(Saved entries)

════════════════

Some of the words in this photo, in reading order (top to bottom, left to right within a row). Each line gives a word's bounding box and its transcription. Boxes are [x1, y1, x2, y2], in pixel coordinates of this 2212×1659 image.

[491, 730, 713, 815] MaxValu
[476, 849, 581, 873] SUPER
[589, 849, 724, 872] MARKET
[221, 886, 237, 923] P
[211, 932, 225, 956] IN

════════════════

**WHAT THIS TASK INVOLVES:**
Write the entries above out again. Match them exactly.

**RESULT FOR THIS EXERCISE:**
Some of the words in this photo, in reading order (top to bottom, left to right within a row). Each line gives a word's bounding box and its transcription. Boxes are [x1, y1, x2, y2], in pixel coordinates of this 2212×1659 image.

[491, 730, 713, 815] MaxValu
[476, 849, 581, 873] SUPER
[589, 849, 724, 872] MARKET
[221, 886, 237, 923] P
[211, 932, 225, 956] IN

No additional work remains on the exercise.